The instant specification relates to digital information retrieval in the context of social media.
Search systems typically include spell correction and query suggestion components to refine queries submitted by users, including those submitted by human operators. These components are usually distinct in that they leverage different heuristics and signals, with the latter often relying on, for example, n-grams to build its knowledge base of terms, conventionally implemented as thesauruses and dictionaries. Such n-gram processing are complex and can involve large volumes of data and hence require days or even weeks to complete, only after which can the system's thesauruses and dictionaries be updated.

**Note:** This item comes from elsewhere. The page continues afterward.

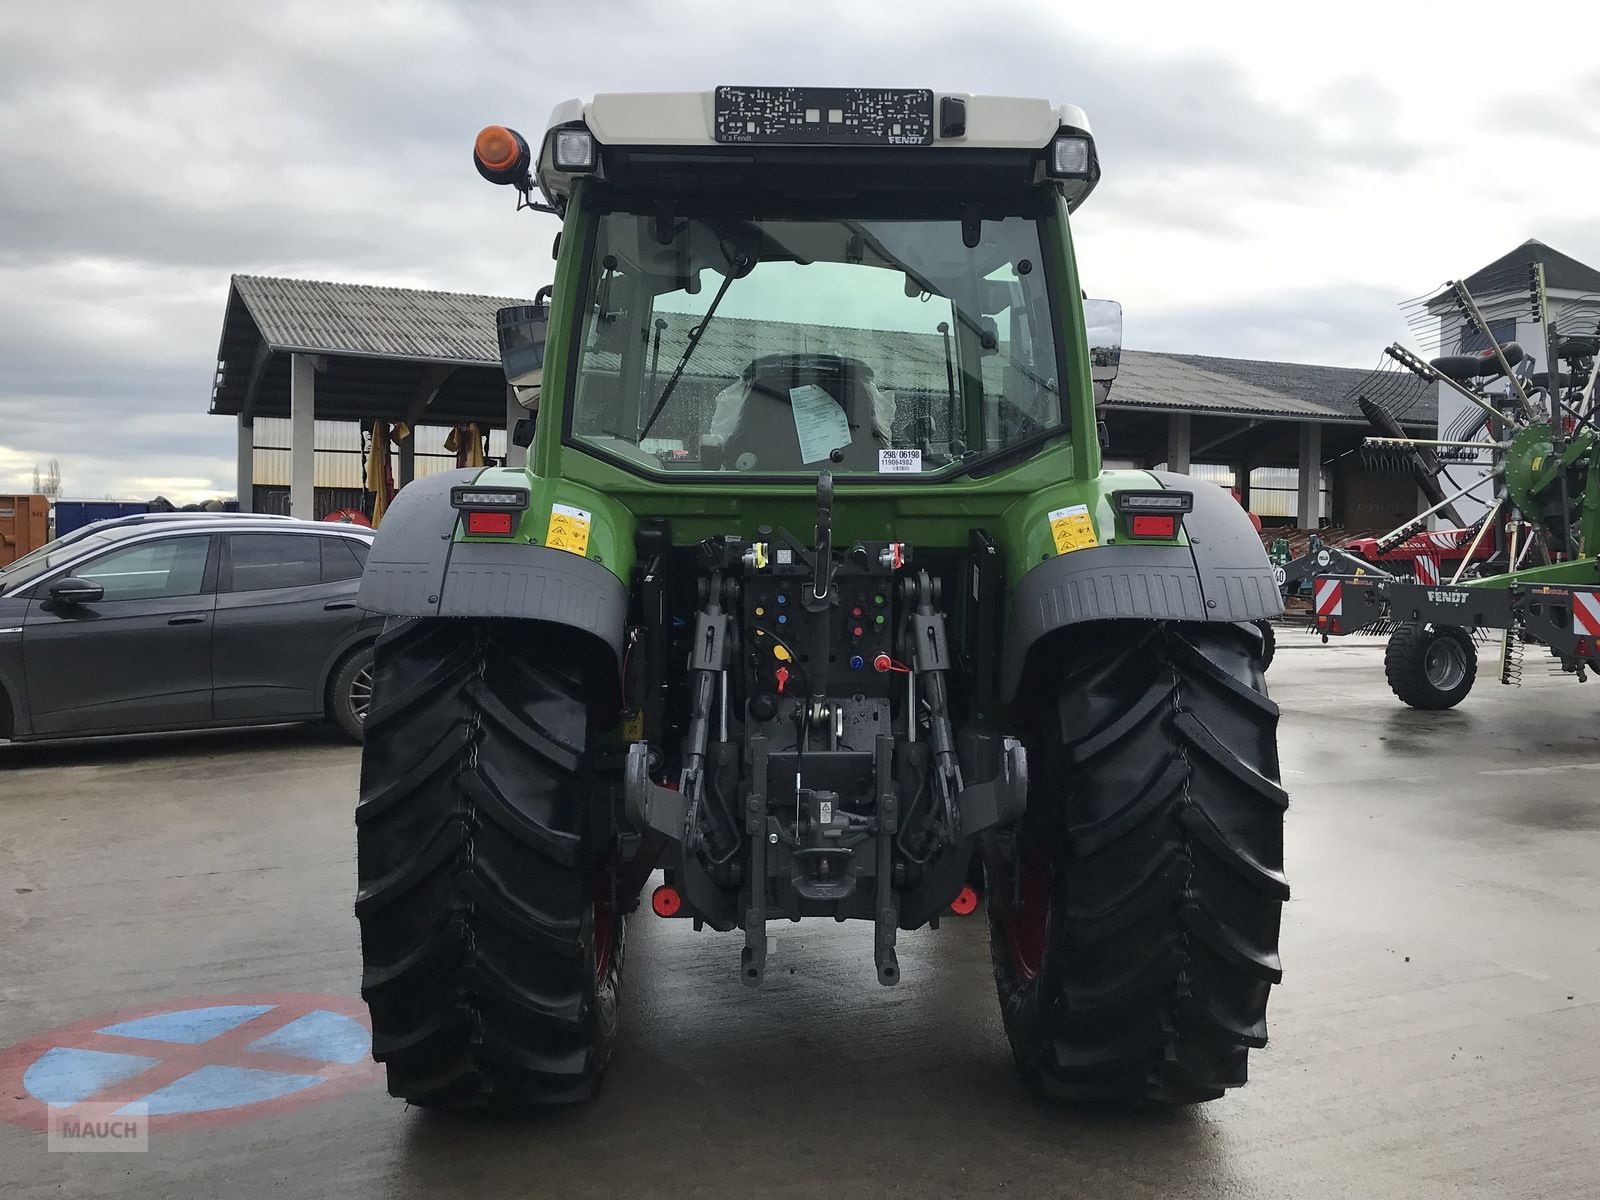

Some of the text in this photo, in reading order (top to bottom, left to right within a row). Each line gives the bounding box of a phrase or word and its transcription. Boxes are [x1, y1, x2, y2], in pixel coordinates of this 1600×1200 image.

[733, 134, 752, 142] Fendt
[887, 136, 925, 144] FENDT
[1427, 590, 1470, 603] FENDT

In operation, the spell correction component corrects spelling errors detected in a submitted query, and the query suggestion component selects one or more synonyms of one or more key terms included in the submitted query. Spelling corrections and synonyms can be suggested to the human operator as she is typing the query. Regardless of whether spell corrections and query suggestions are implemented as the query is being typed or after the entire query has been submitted to the system, alternative queries are generated by the spell correction and query suggestion components and are processed in parallel with the submitted query against one or more search indices, and their results are combined and provided as search results.
With social media, information is more real-time in nature than what typically happens with Web pages on the Internet. Events of popular interest (for example, a compelling Super Bowl commercial or an especially nasty celebrity feud or a goal in a World Cup football match) can have short lives on a social media platform, where social media messages directed at and interest about the event can spike and diminish or even disappear completely within minutes.